É difícil não notar o feixe de uma lanterna apontada diretamente para nós. Mas esse feixe visto de lado parece significativamente mais ténue. O mesmo é válido para alguns objetos cósmicos: como uma lanterna, irradiam principalmente numa direção e parecem dramaticamente diferentes dependendo se o feixe aponta para longe da Terra (e telescópios espaciais próximos) ou diretamente para ela.

Crédito: DESY/Science Communication Lab
Novos dados do observatório espacial NuSTAR da NASA indicam que este fenómeno é verdadeiro para alguns dos mais proeminentes emissores de raios-X no Universo local: as fontes ultraluminosas de raios-X ou ULXs (abreviatura inglesa para “ultraluminous X-ray sources”). A maioria dos objetos cósmicos, incluindo estrelas, irradiam poucos raios-X, particularmente na gama altamente energética vista pelo NuSTAR. As ULXs, em contraste, são como faróis de raios-X que cortam a escuridão. Para ser considerada uma ULX, uma fonte deve ter uma luminosidade de raios-X cerca de um milhão de vezes mais brilhante do que o output total de luz do Sol (em todos os comprimentos de onda). As ULXs são tão brilhantes que podem ser vistas a milhões de anos-luz de distância, noutras galáxias.
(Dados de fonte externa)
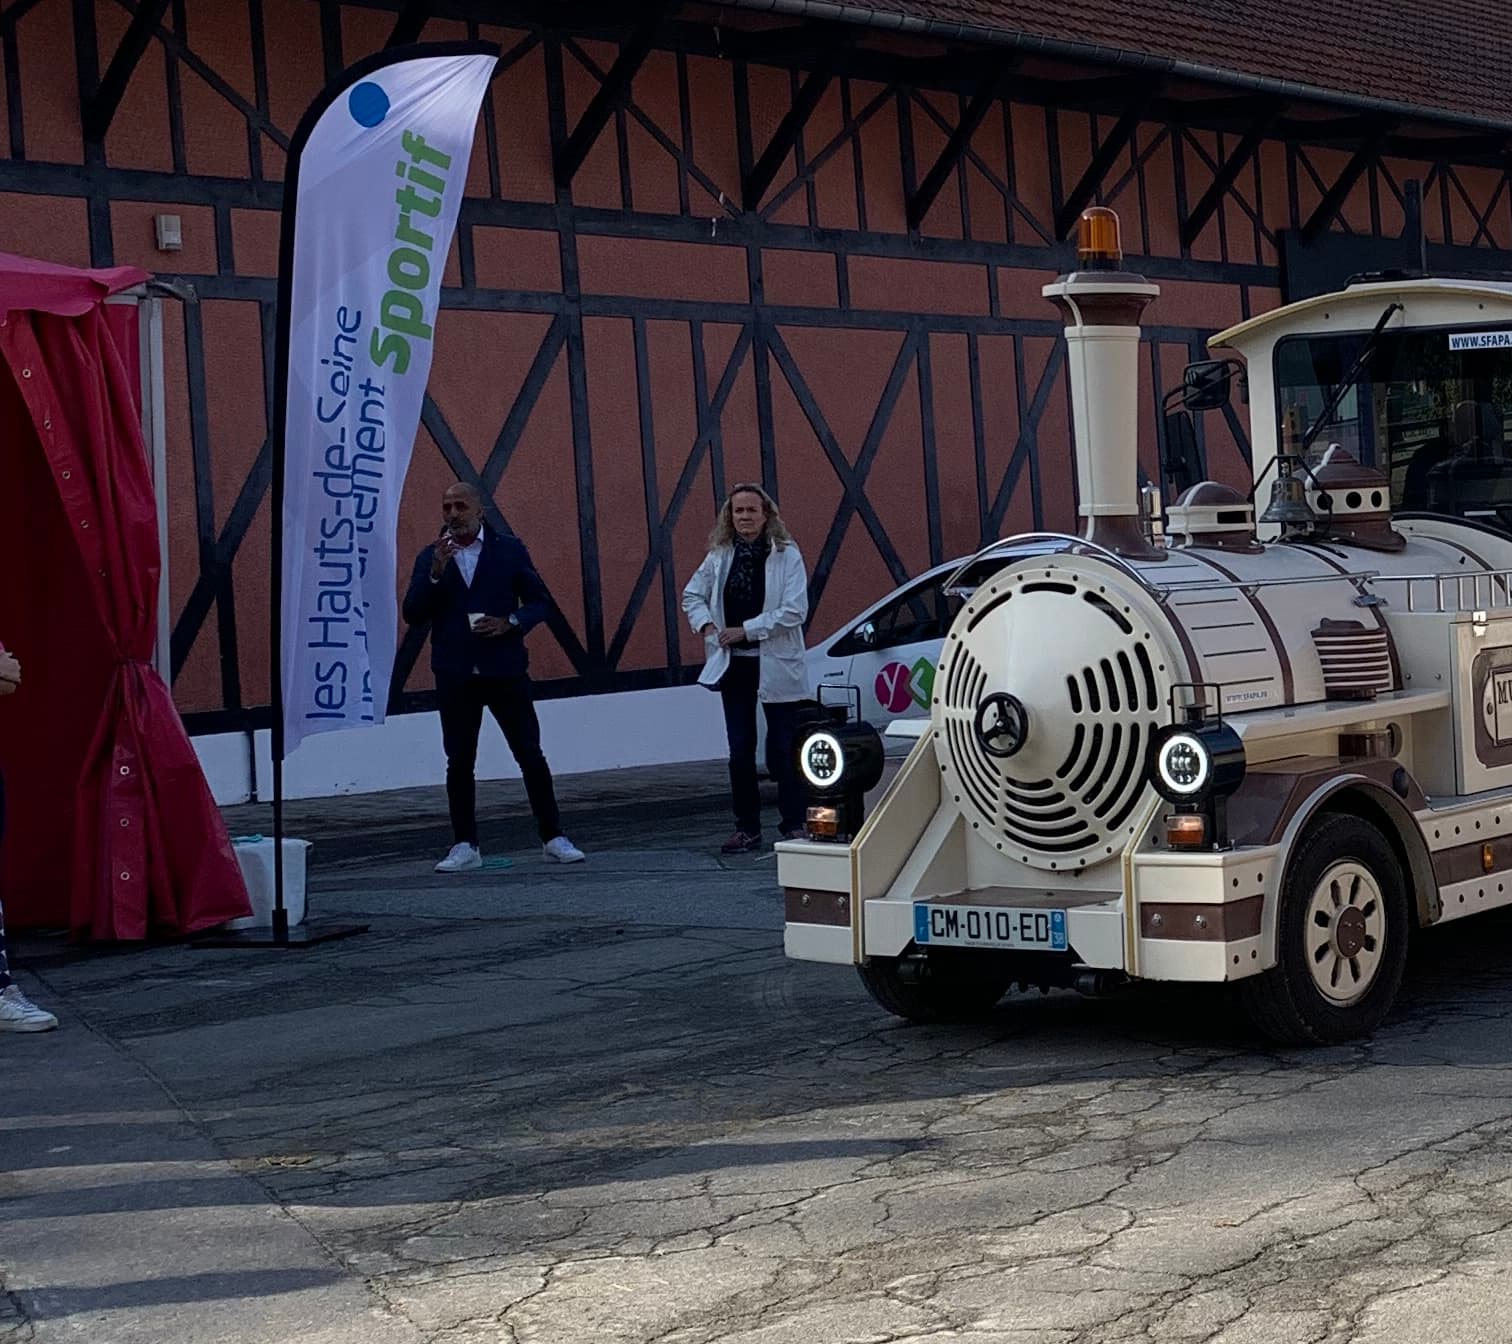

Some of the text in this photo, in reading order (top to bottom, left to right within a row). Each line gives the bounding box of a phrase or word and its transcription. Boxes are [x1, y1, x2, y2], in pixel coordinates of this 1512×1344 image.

[370, 129, 451, 375] sportif
[305, 306, 361, 720] les Hauts-de-Seine
[931, 909, 1050, 942] CM-010-ED
O novo estudo mostra que o objeto conhecido como SS 433, localizado na Via Láctea e a apenas mais ou menos 20.000 anos-luz da Terra, é uma ULX, embora pareça ser cerca de 1000 mais fraco do que o limite mínimo para ser considerado uma.
De acordo com o estudo, este pouco brilho é um truque de perspetiva: os raios-X altamente energéticos de SS 433 estão inicialmente confinados a dois cones de gás que se estendem para lados opostos do objeto central. Estes cones são semelhantes a uma tigela espelhada que envolve a lâmpada de uma lanterna: “encurralam” os raios-X de SS 433 num feixe estreito, até que escapa e é detetado pelo NuSTAR. Mas como os cones não apontam diretamente para a Terra, o NuSTAR não consegue ver o brilho total do objeto.
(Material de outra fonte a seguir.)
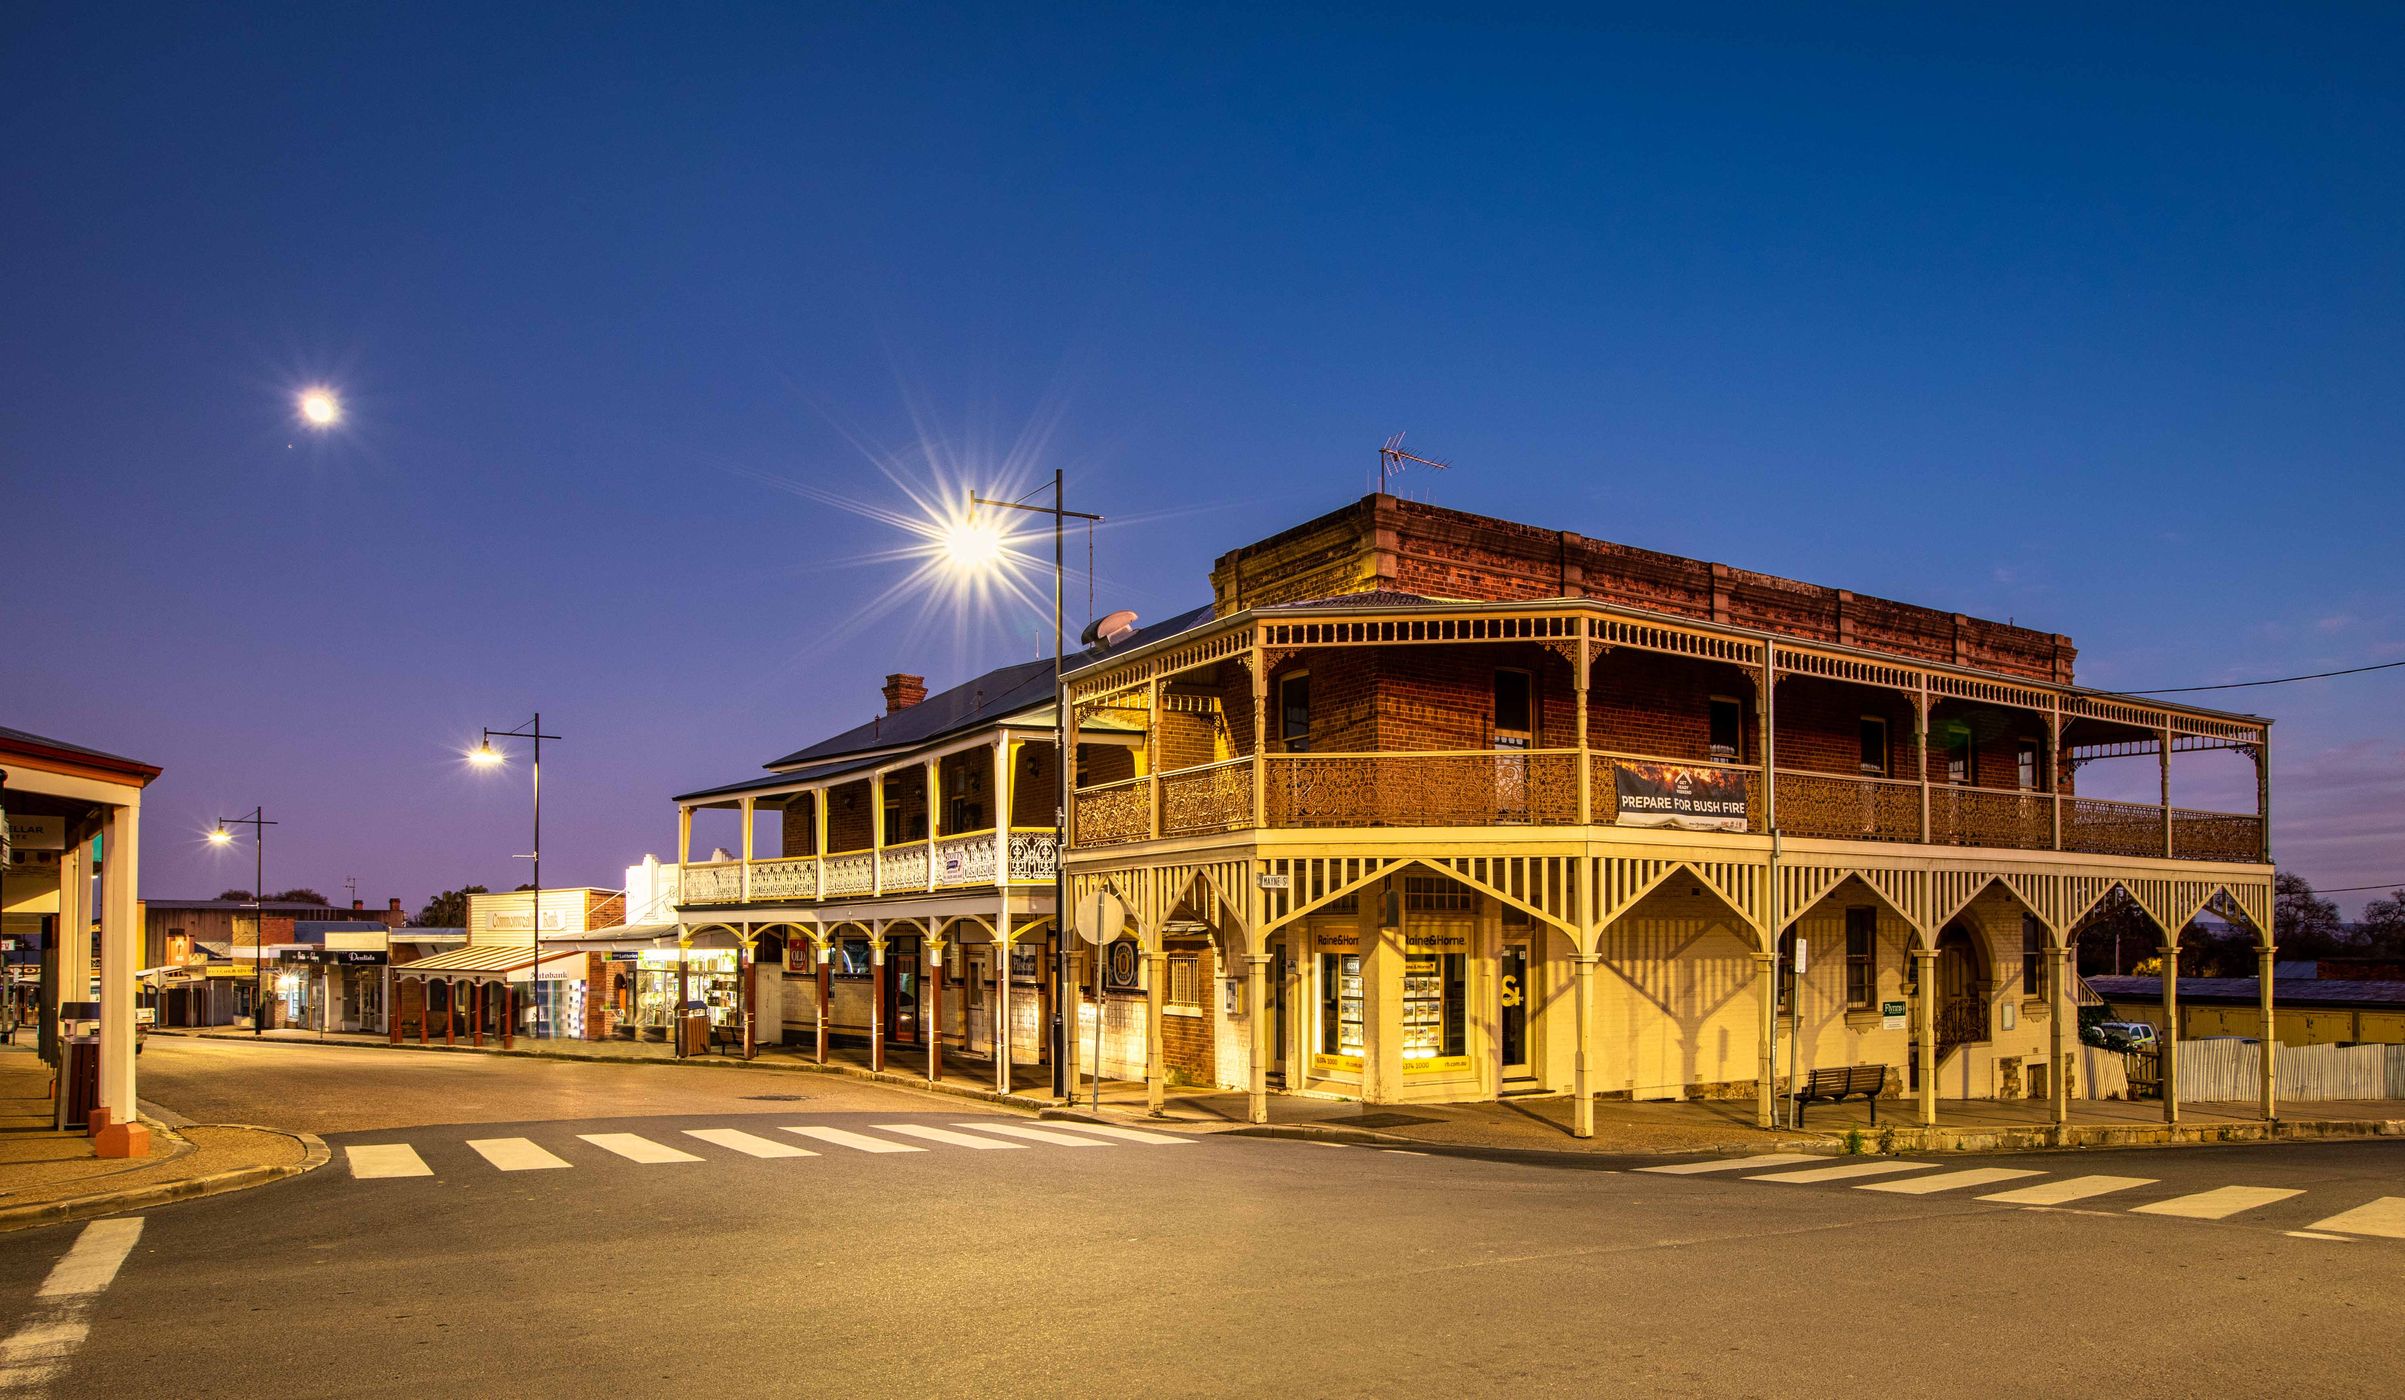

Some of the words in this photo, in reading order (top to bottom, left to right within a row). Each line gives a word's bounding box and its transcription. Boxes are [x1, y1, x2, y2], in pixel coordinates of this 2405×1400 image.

[1621, 795, 1673, 809] PREPARE
[1674, 798, 1692, 811] FOR
[1693, 800, 1720, 813] BUSH
[1722, 802, 1745, 814] FIRE
[1263, 876, 1280, 887] MAYNE
Crédito: DESY/Science Communication Lab
“Há muito que suspeitamos que algumas ULXs emitem luz em colunas estreitas, em vez de em todas as direções como uma lâmpada,” disse Matt Middleton, professor de astrofísica da Universidade de Southampton no Reino Unido e autor principal do estudo. “No nosso estudo, confirmamos esta hipótese mostrando que SS 433 qualificar-se-ia como uma ULX para um observador que o visse de frente.”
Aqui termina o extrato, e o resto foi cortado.